When clients are distressed, their anxiety disturbs them and us. Intuitively, we want to move on. It’s tempting to focus on the business at hand. Unfortunately, attempts to avoid feelings are usually misinterpreted as uncaring, dismissive, or patronizing, which inflames the client more.
Although counter-intuitive the way to reason is to embrace the emotion. Instead of resisting the emotional flood, help clients release it in four steps:
Listen with care and concern. Pay close attention to your non-verbal messages. Any hint of impatience in your facial expression or verbal tone will agitate the client. The limbic system is highly skilled at reading body language, and the client will react to your vibe. Focusing on empathy for the client’s discomfort is an ideal way to meet their emotional need.
Acknowledge the client’s concern. Summarize the client’s comments, to demonstrate that you take their anxiety seriously. For example, you might say: “I hear that you’re very worried about the economy and how this will impact your financial stability”. Importantly, acknowledging feelings is not the same as agreeing with opinions.
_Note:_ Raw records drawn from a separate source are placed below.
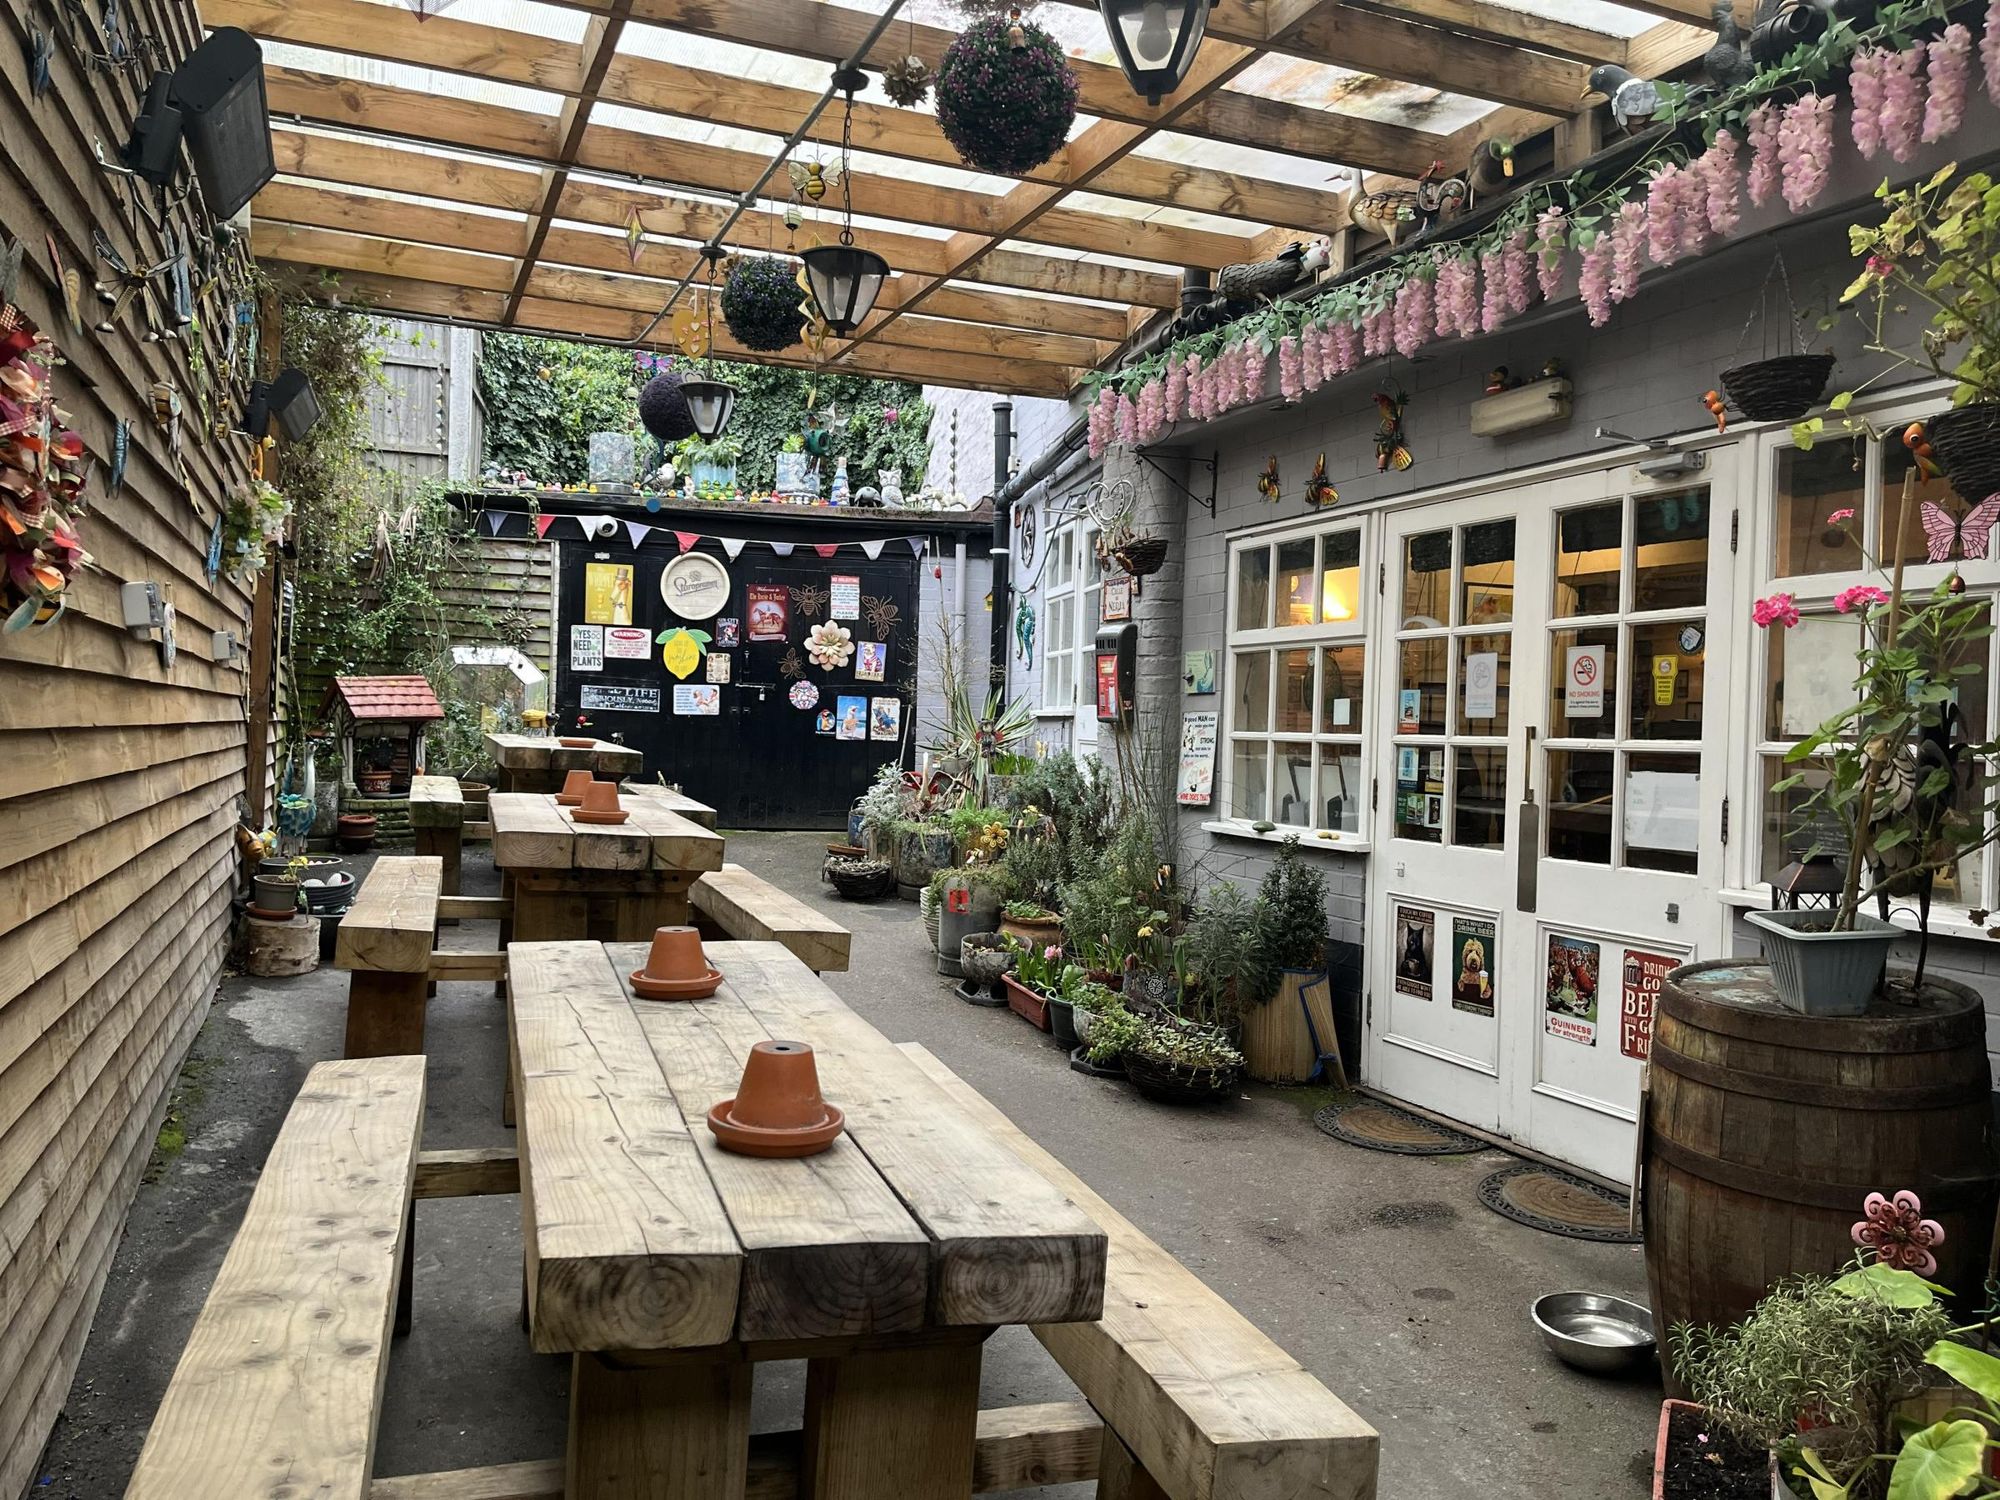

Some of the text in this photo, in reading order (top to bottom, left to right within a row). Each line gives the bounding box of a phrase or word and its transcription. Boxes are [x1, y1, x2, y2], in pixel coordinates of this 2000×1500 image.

[579, 630, 591, 639] YES
[573, 640, 591, 650] NEED
[573, 657, 601, 666] PLANTS
[626, 689, 657, 697] LIFE
[1643, 977, 1660, 990] GO
[1624, 989, 1660, 1017] BEE
[1551, 1017, 1592, 1035] GUINNESS
[1563, 1030, 1590, 1042] strength
[1624, 1024, 1648, 1054] FRI
You can fully recognize with their concerns without agreeing to any irrational declarations. Skillful acknowledging helps clients release their distress.
Find one place to agree. People are more inclined to move forward if they feel validated. As the client vents, look for a sliver of truth to confirm. Even if you completely disagree with the client’s opinions, you can likely agree that other people are concerned. You might say. “I know that you are deeply concerned about the economy and you’re not alone. Many people are anxious”. People crave social validation. Knowing others are concerned reduces anxiety and helps the client feel normal. This technique further reduces emotion, and raises the client’s ability to collaborate with you.
Create a bridge to a productive discussion. After connecting with some agreement, add a transition to move the conversation forward. For example, you might say “I’m so glad you shared your worries. It’s important I understand what’s bothering you. It’s my job to help you reach your goals and feel confident along the way. I want you to feel good about your finances. Are you ready for me to review things with you?” Asking if the client is ready to move on, respectfully gauges their ability to shift focus. The client may sit up straight, lean forward or physically shift to signal their readiness to move on. You will see when they’re ready to take the next step
If the client reverts to emotional venting, repeat the four steps. It may take a few cycles to clear the emotion, but pushing a client before they’re ready will only escalate their emotional resistance. Once the stress has diminished, you can engage the client in a reasoned discussion. A really upset client may take some time to get calm and stay calm. Be patient, it’ll be worth it in the end.